**WORK TASK:**
Please retype the records below exactly, omitting any images.

**EXCERPTED DATA:**
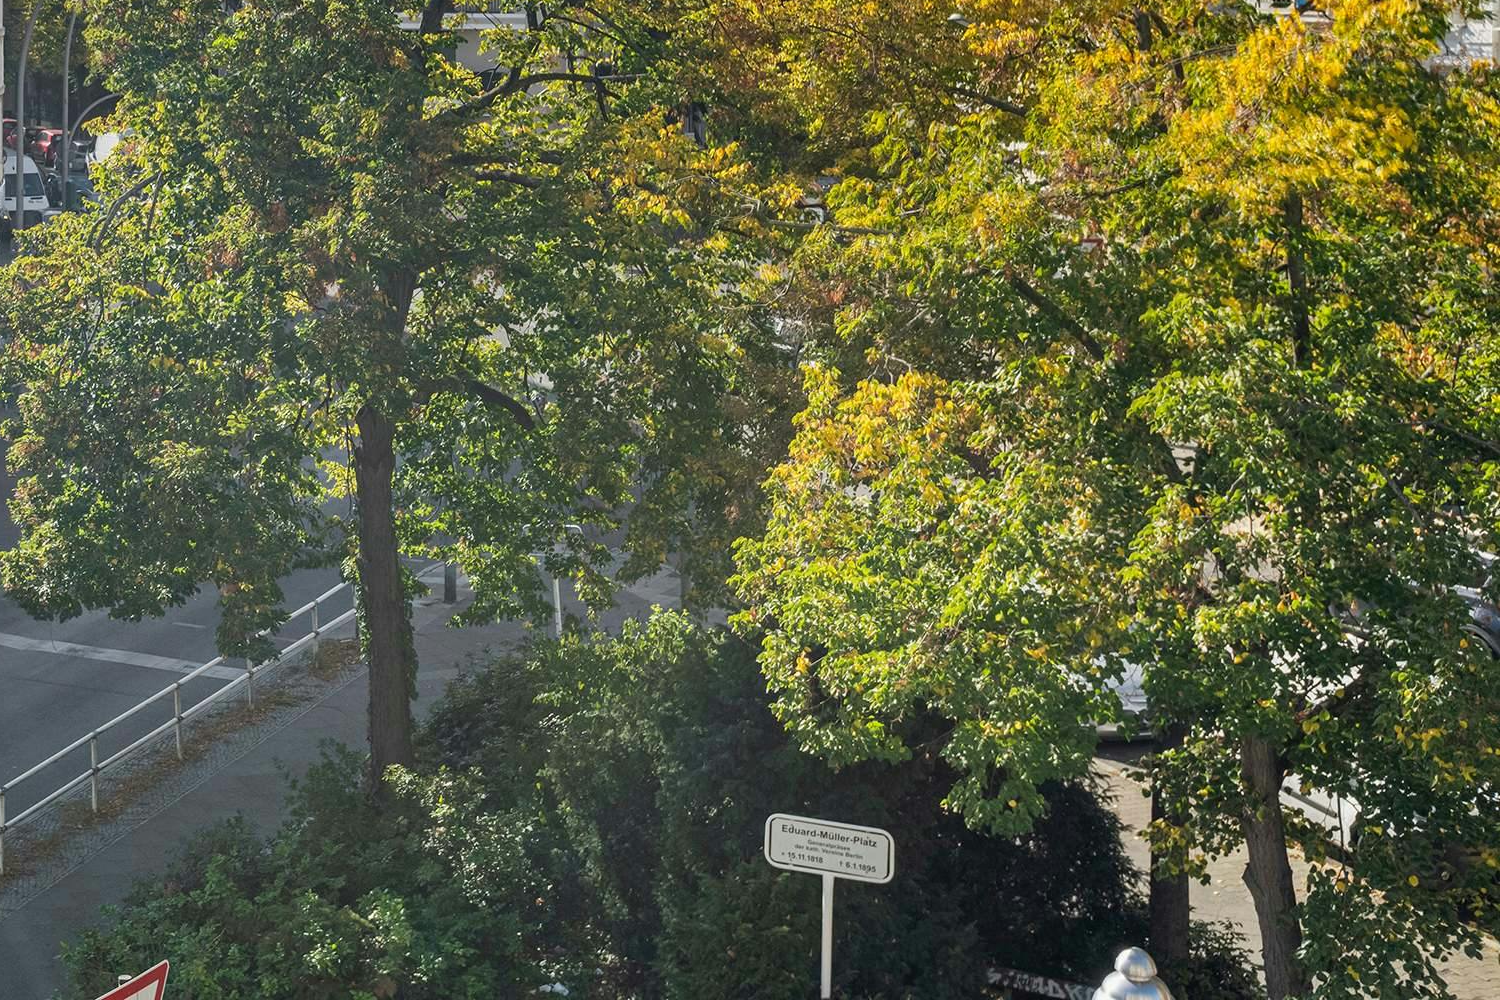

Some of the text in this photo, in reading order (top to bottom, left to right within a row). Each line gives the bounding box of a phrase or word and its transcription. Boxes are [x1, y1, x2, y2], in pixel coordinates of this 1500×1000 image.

[781, 824, 877, 848] Eduard-Müller-Platz
[787, 851, 824, 864] 15.11.1818
[845, 862, 876, 873] 6.1.1895
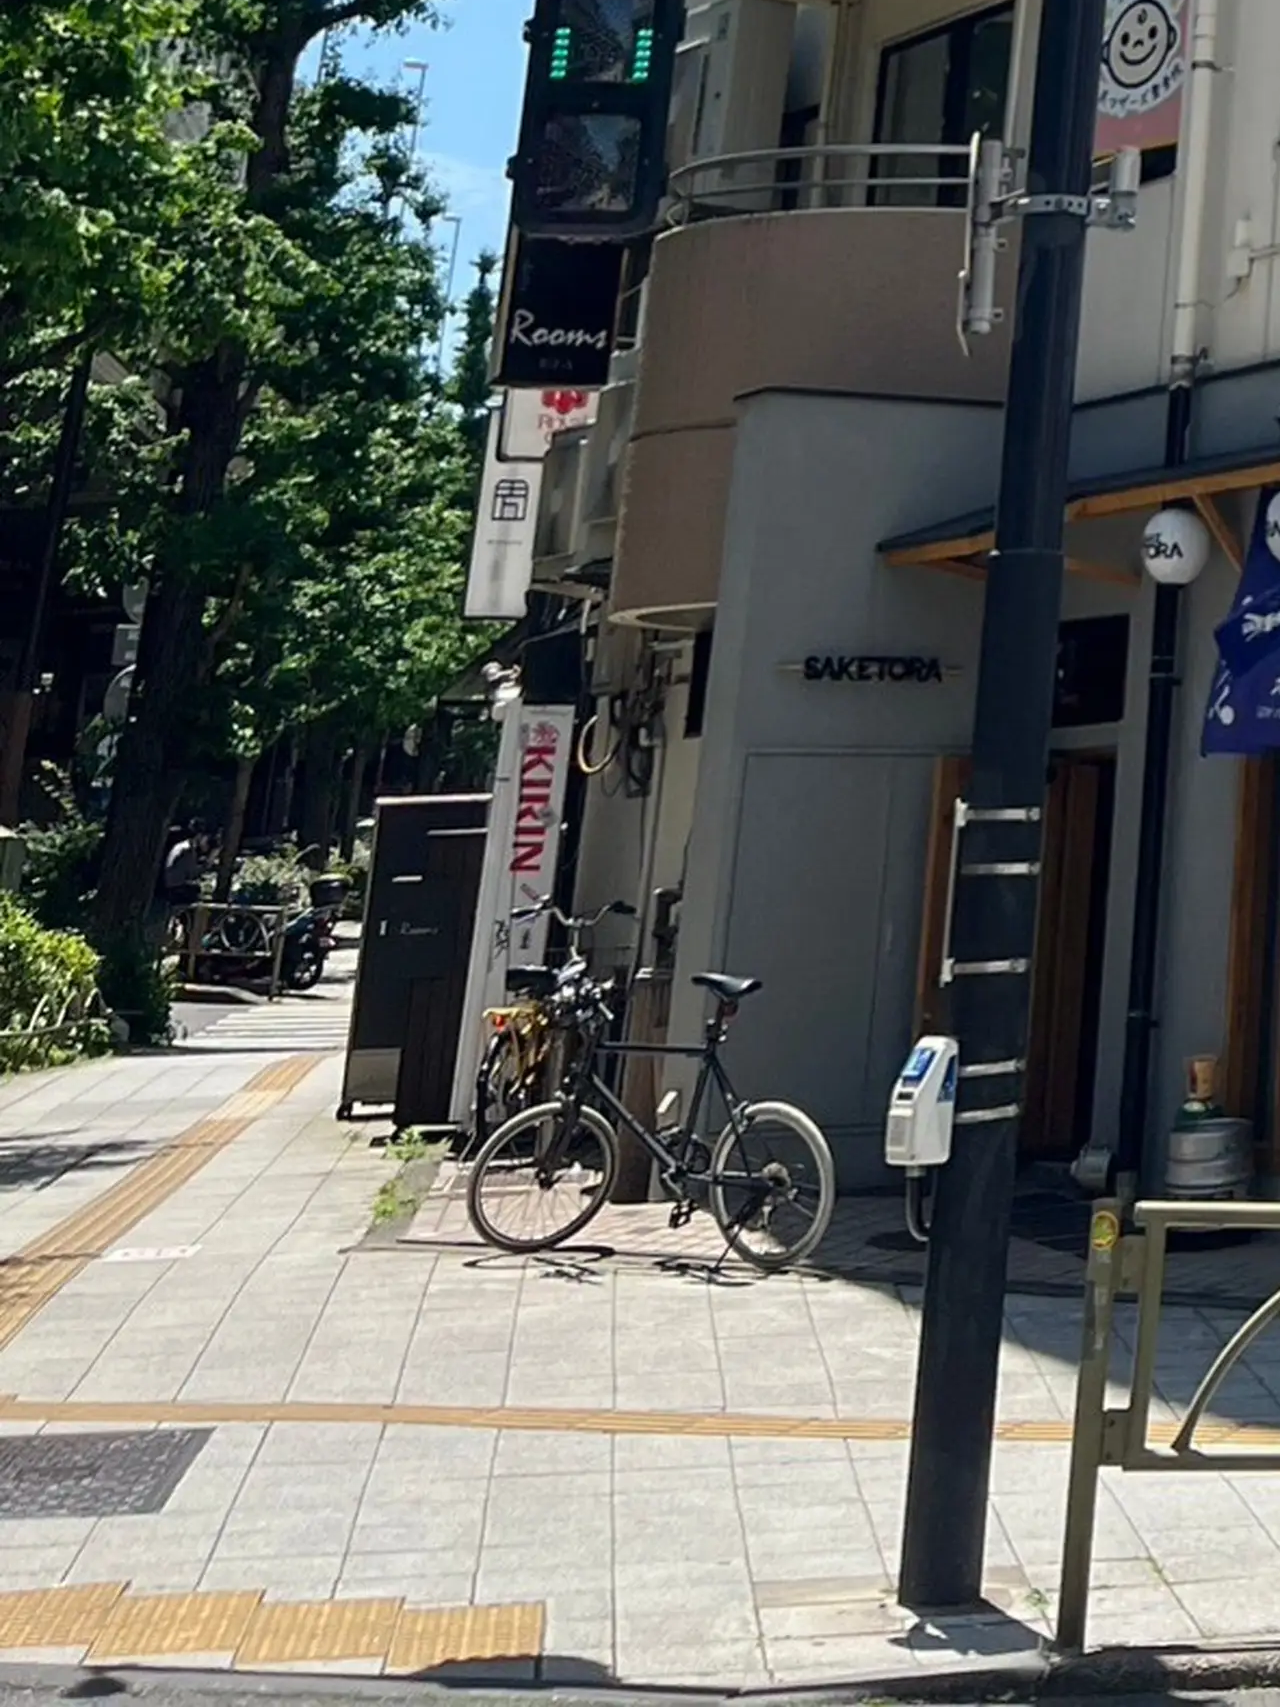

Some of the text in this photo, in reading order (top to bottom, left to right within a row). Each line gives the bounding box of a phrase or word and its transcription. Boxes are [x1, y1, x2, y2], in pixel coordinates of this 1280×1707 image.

[509, 308, 608, 350] Rooms
[1145, 541, 1185, 561] ORA
[803, 655, 943, 684] SAKETORA
[509, 743, 557, 875] KIRIN
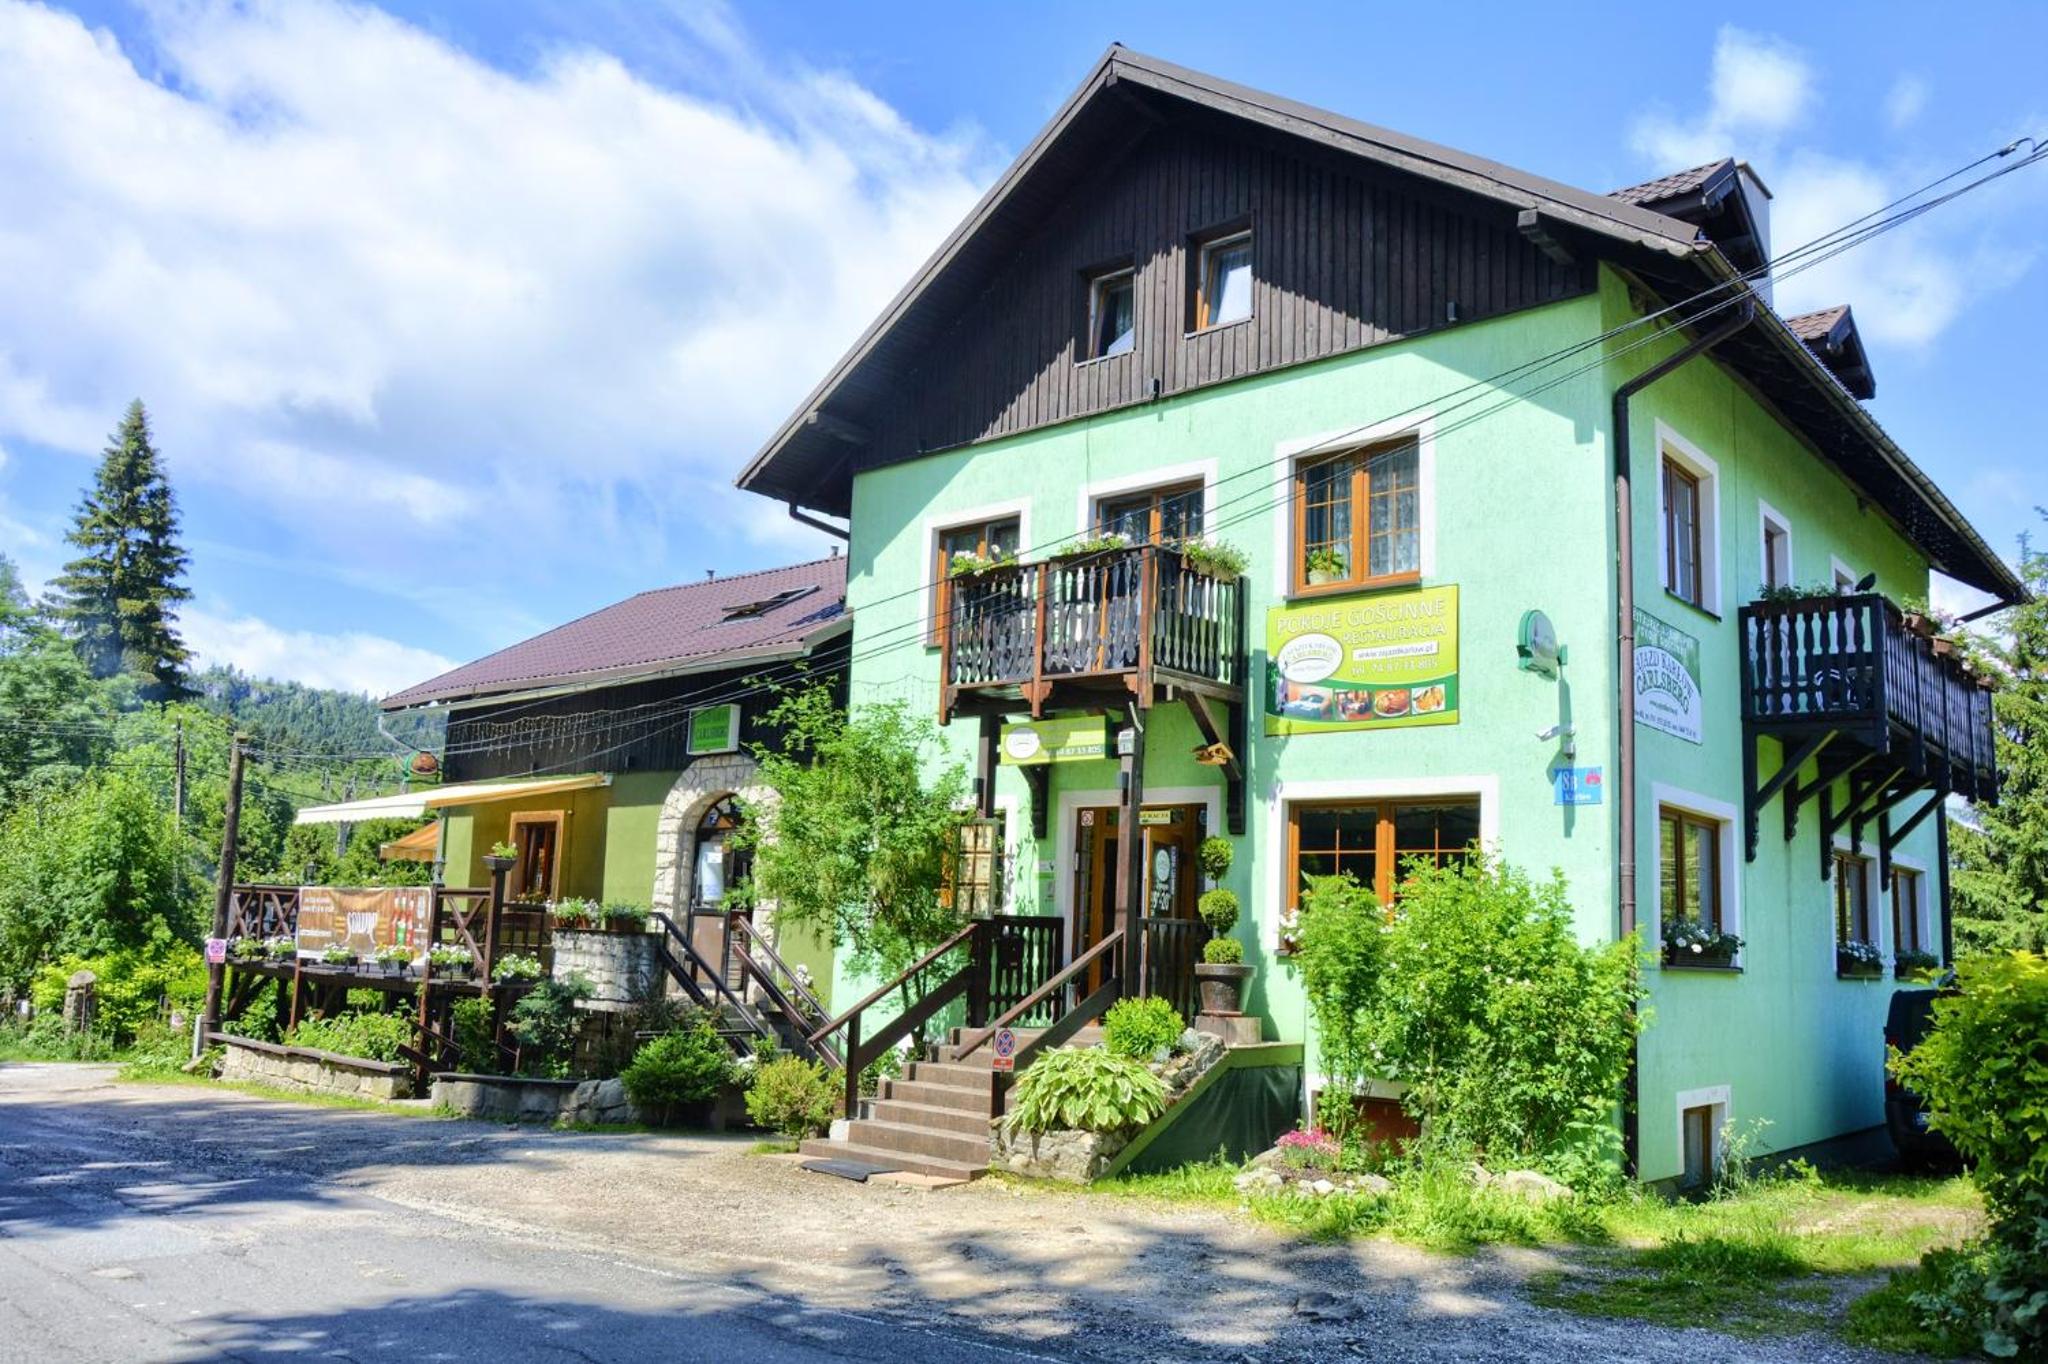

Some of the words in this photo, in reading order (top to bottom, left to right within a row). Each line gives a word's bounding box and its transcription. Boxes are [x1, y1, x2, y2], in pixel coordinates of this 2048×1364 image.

[1277, 611, 1344, 634] POKOJE
[1348, 599, 1446, 627] GOŚCINNE
[1342, 620, 1446, 645] RESTAURACJA
[1636, 668, 1690, 715] CARLSBERG
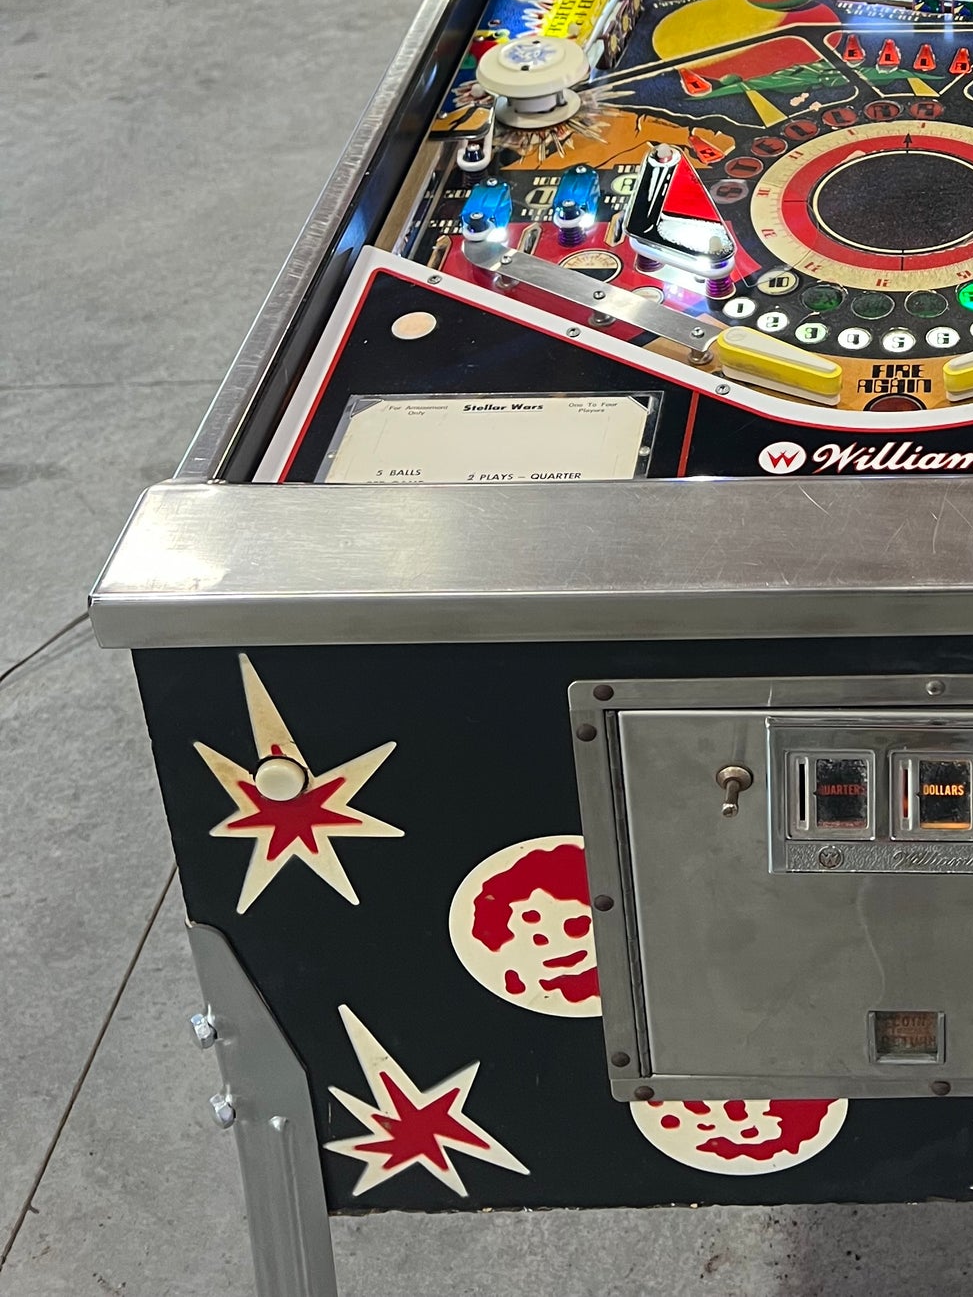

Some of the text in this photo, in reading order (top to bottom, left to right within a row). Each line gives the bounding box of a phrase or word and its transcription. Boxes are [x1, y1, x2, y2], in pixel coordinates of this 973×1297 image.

[872, 364, 925, 379] FIRE
[857, 378, 932, 394] AGAIN
[511, 403, 544, 411] Wars
[530, 472, 582, 480] QUARTER
[922, 783, 965, 797] DOLLARS

**SOLVED PROBLEM:**
Some of the text in this photo, in reading order (top to bottom, left to right within a row). Each line gives the bounding box of a phrase or word and its transcription. Boxes are [x1, y1, x2, y2], in pixel coordinates of this 1500×1000 image.

[781, 824, 877, 848] Eduard-Müller-Platz
[787, 851, 824, 864] 15.11.1818
[845, 862, 876, 873] 6.1.1895

Some of the text in this photo, in reading order (top to bottom, left to right within a row). Each line gives the bounding box of a phrase or word and its transcription. Boxes are [x1, y1, x2, y2], in pixel coordinates of this 1280×1707 image.

[509, 308, 608, 350] Rooms
[1145, 541, 1185, 561] ORA
[803, 655, 943, 684] SAKETORA
[509, 743, 557, 875] KIRIN

Some of the words in this photo, in reading order (top to bottom, left to right within a row). Each line gives a word's bounding box and its transcription. Boxes are [x1, y1, x2, y2], in pixel coordinates of this 2048×1364 image.

[1277, 611, 1344, 634] POKOJE
[1348, 599, 1446, 627] GOŚCINNE
[1342, 620, 1446, 645] RESTAURACJA
[1636, 668, 1690, 715] CARLSBERG

Some of the text in this photo, in reading order (top to bottom, left to right within a row). Each line gives the bounding box of a phrase or word and its transcription. Boxes are [x1, y1, x2, y2], in pixel coordinates of this 973×1297 image.

[872, 364, 925, 379] FIRE
[857, 378, 932, 394] AGAIN
[511, 403, 544, 411] Wars
[530, 472, 582, 480] QUARTER
[922, 783, 965, 797] DOLLARS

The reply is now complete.